Monday 19 December 2011

Body Hair as Parasite Protection

Does your body hair help you notice when something is crawling around looking for a place to bite? Does it discourage that ectoparasite from biting? Authors Isabelle Dean and Michael T. Siva-Jothy think the answer to both questions is ‘yes.’ A report in Biology Letters reveals the findings of a study that was designed to reveal whether our fine body hairs protect us from ectoparasites such as bedbugs.

Body hair appears to slow bedbugs down; the hairier
you are, the better! Image by Jiří Humpolíček
CC BY-SA 2.5

Bedbugs Are Slower on Hairy Skin


In a study of twenty-nine student volunteers, the researchers noted that bedbugs took longer to select a feeding site on hairy, as opposed to shaven, skin, (and the hairier the better) and that the volunteers were better able to detect the insects on unshaven skin. Thus, having all those fine hairs apparently helps us, in two different ways, to notice the bug before it bites.

Dean and Siva-Jothy point out that it’s already been shown that some insects that bite animals, including bedbug relatives, prefer to bite on relatively hairless parts of the body. It’s easy to see that such behavior would tend to favor bug survival if the bug goes unnoticed.
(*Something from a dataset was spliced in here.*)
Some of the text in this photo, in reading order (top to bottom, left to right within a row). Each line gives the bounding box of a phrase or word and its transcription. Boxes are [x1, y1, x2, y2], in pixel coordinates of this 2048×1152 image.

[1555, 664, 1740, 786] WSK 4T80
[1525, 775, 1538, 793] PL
In some circumstances, we can also see that hairier humans might have a survival advantage.

Does Body Hair Slow All Ectoparasites Down?


This study only looked at bedbugs; it would be interesting to see if the same thing happens with ticks (I can attest from personal experience that ticks have an amazing ability to traverse large areas of skin without ever being felt), kissing bugs, mosquitoes, black flies and other biting insects and arachnids.

So we know one possible reason why we have all those fine hairs all over us – and why we perhaps shouldn’t be shaving them off in a time of bedbug resurgence and increased tick-transmitted disease.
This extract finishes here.